ERISA. Depending on the services you provide a retirement plan sponsor or a plan’s participants, you may be considered a fiduciary. The fiduciary standard under ERISA is considered the highest fiduciary standard under law, with five separate duties that apply:
A duty of loyalty to act solely in the interest of plan participants
The duty to act with the prudence of an expert
The duty to diversify investments
The duty to ensure reasonable plan fees and expenses
The duty to comply with the terms of the plan’s governing documents
Reg BI. Reg BI established a new best-interest standard of conduct that affects how advisors and broker/dealers do business. Reg BI didn’t create a fiduciary standard of conduct, but the general obligation states that advisors must act in the best interest of a retail customer without putting their interests ahead of the customer’s. This standard of conduct, including the underlying Care and Disclosures Obligations, enhanced the factors to consider for recommendations, expanded recommendations to include account type, and increased the information provided to customers regarding the services you offer.

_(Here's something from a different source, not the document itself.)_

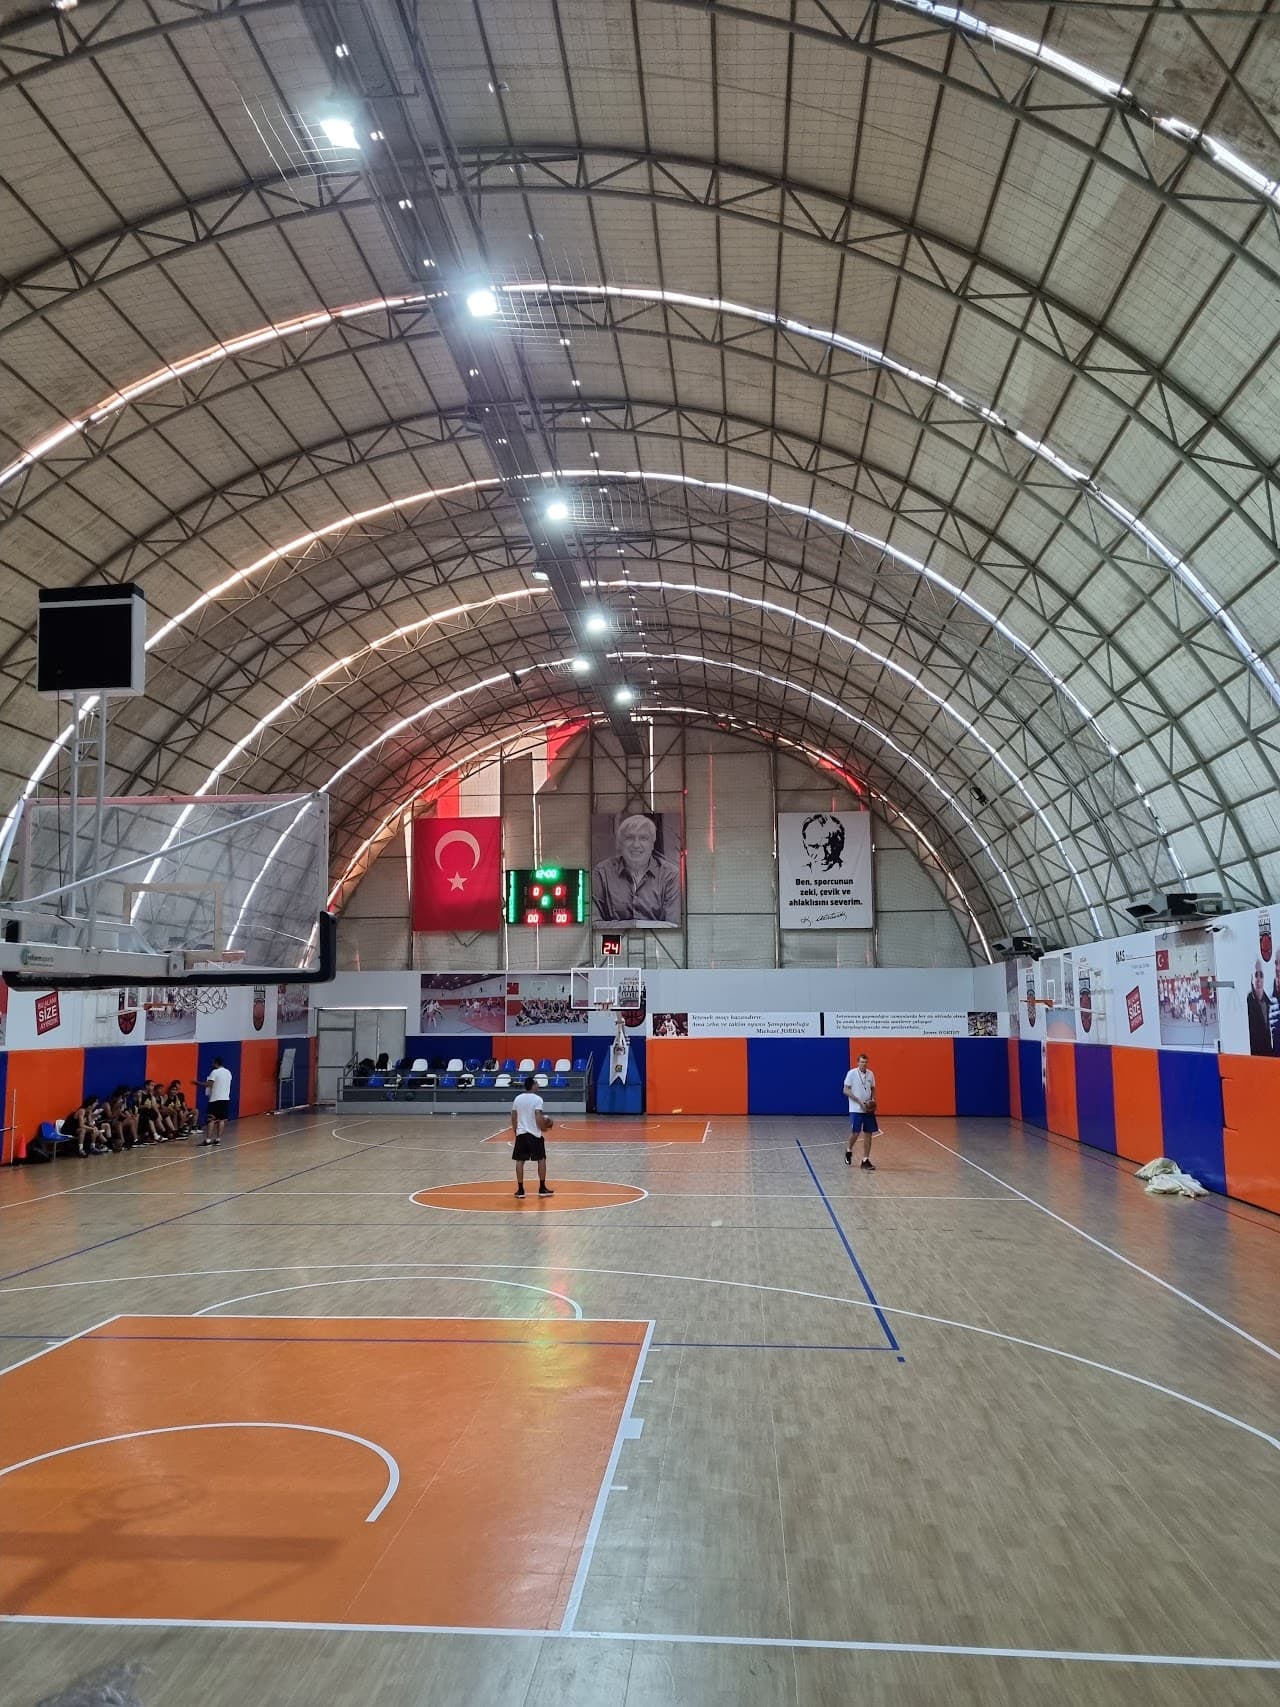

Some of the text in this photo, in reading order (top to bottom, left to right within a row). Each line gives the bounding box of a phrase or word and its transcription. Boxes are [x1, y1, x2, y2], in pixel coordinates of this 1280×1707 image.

States Have Rules, Too. What it means to be a fiduciary can differ at the state level as well. Some states have proposed a fiduciary standard for broker/dealers and their advisors surrounding brokerage transactions. For example, in March 2020, the Massachusetts Securities Division adopted the Massachusetts fiduciary rule, which imposes a fiduciary standard of conduct when providing a recommendation or advice to Massachusetts residents. You have a duty to inquire about the customer’s needs and information at the time of the recommendation and to address or disclose conflicts. And as an IAR, the rule doesn’t affect your existing fiduciary duties and has several exclusions.
Being the Standard Bearer
It comes down to this: the standard of conduct you are held to generally depends on the capacity you serve, the services you provide, and the way you’re compensated. So, if your practice provides advisory services—such as portfolio management, consulting, and financial planning—for an asset management fee or under a consulting agreement, then you’re likely a fiduciary.
Keep in mind, though, that the fiduciary standard of conduct that applies will differ by scenario. For example, if you provide recommendations for a 529 plan and earn a commission, the standard of care under Reg BI applies. If you provide investment advice specific to retirement plan sponsors in the capacity of a 3(21) fiduciary, however, then the Advisers Act and ERISA apply.
The bottom line is whether you’re acting in a fiduciary capacity—open and clear communication with your clients and prospects is essential to ensure that they understand your role. Resources like Form CRS can be a good jumping-off point to help you discuss the services you offer, how you are compensated, and the standard of conduct to which you are held.
This material is for educational purposes only and is not intended to provide specific advice.